Common Terminology for Blank Coins

Blank coins, also known as planchets, are metal discs that have not been stamped or engraved with any design or denomination. These coins are used as a blank canvas for creating various types of coins, including commemorative coins, bullion coins, and even circulation coins. Understanding the common terminology associated with blank coins can be helpful for collectors, investors, and anyone interested in numismatics.

One important term to know is "planchet." A planchet refers specifically to the blank disc that will ultimately become a coin. Planchets are typically made of metal, such as gold, silver, copper, or nickel, and they come in various sizes and shapes depending on the intended coin design. These blank discs are usually manufactured by specialized mints or private companies.

Another key term is "blanking." Blanking is the process of cutting or punching out the planchets from large metal sheets. This step is crucial in the coin production process, as it shapes the blank discs that will later be transformed into coins. The blanks are carefully inspected for imperfections before being moved to the next stage of production.

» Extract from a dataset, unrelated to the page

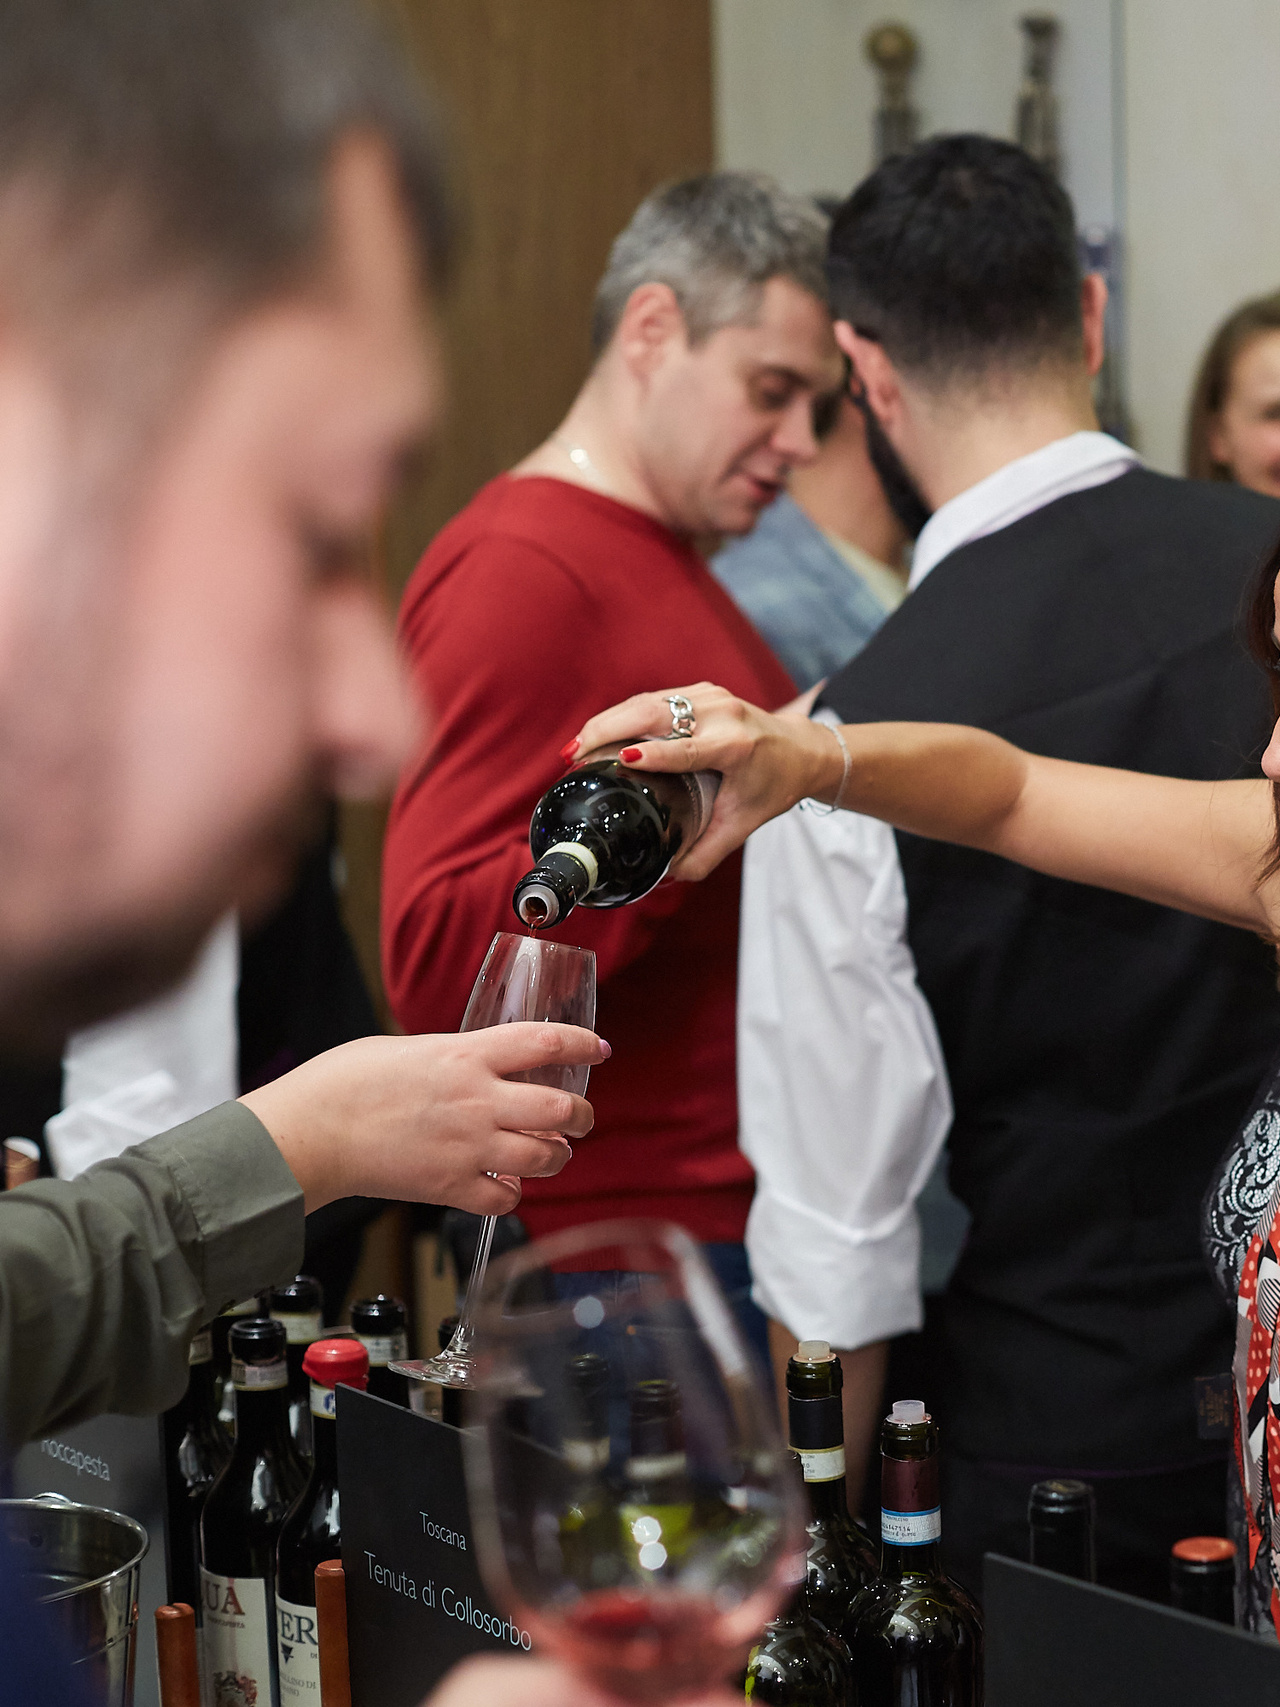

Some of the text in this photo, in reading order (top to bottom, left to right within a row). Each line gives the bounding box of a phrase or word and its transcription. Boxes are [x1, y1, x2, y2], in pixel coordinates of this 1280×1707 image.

[419, 1511, 467, 1551] Toscana
[364, 1550, 532, 1651] Tenuta di Collosorbo

Once the planchets are ready, they undergo a process called "upsetting." Upsetting involves raising the rim of the blank coin to give it the distinctive raised edge that is often associated with coins. This step helps to prevent wear and tear and also enhances the overall appearance of the final coin.

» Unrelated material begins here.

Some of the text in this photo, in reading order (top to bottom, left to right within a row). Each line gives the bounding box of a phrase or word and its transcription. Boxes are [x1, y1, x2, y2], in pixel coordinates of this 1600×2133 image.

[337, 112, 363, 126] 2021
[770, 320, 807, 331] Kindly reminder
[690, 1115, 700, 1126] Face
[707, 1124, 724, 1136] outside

After upsetting, the blank coins go through a series of steps to add the necessary design and details. This process is known as "minting" or "coining." Minting involves using special machines and tools to stamp the design, denomination, and other relevant information onto the planchet. The design can be anything from a national emblem to a historical figure, depending on the purpose of the coin.

Once the coins are minted, they undergo a process called "finishing." Finishing includes various steps such as polishing, buffing, and sometimes even plating the coins to give them their final appearance. This step is crucial in enhancing the visual appeal of the coins and ensuring their longevity.

Lesser-Known Names and Historical References

One of the earliest known instances of blank coins can be traced back to ancient Greece. In the city of Aegina, blank silver coins were produced and used in trade. These blank coins were eventually stamped with various designs and became highly sought after by collectors. The practice of using blank coins as a medium of exchange spread to other ancient civilizations, including Rome and Persia.

In medieval Europe, blank coins played a crucial role in the development of coinage. Mints would produce blank coins in large quantities, which were then distributed to local authorities who would add their own designs and markings. This allowed for a more efficient production process, as coins could be struck on demand. These blank coins also provided an opportunity for counterfeiters to create fake coins, leading to the implementation of various anti-counterfeiting measures.

The significance of blank coins extends beyond their historical context. Today, blank coins are highly valued by collectors for their rarity and uniqueness. These coins often serve as a canvas for modern artisans and engravers to showcase their skills. Intricate designs and patterns are meticulously hand-engraved onto the blank surface, resulting in stunning pieces of numismatic art.


The article emphasizes the importance of understanding the terminology associated with blank coins in the field of numismatics. It explains the various processes involved in creating unique and valuable coins, such as the planchet, minting, and finishing. The article suggests that having knowledge of these terms can enhance one's appreciation and understanding of blank coins, whether you are a collector, investor, or simply curious about coins. It also highlights the significance of blank coins in the history of coinage, offering a tangible connection to the past. The article concludes by stating that blank coins continue to captivate collectors and enthusiasts worldwide, as they hold the potential to be transformed into unique works of art and leave a lasting legacy for future generations.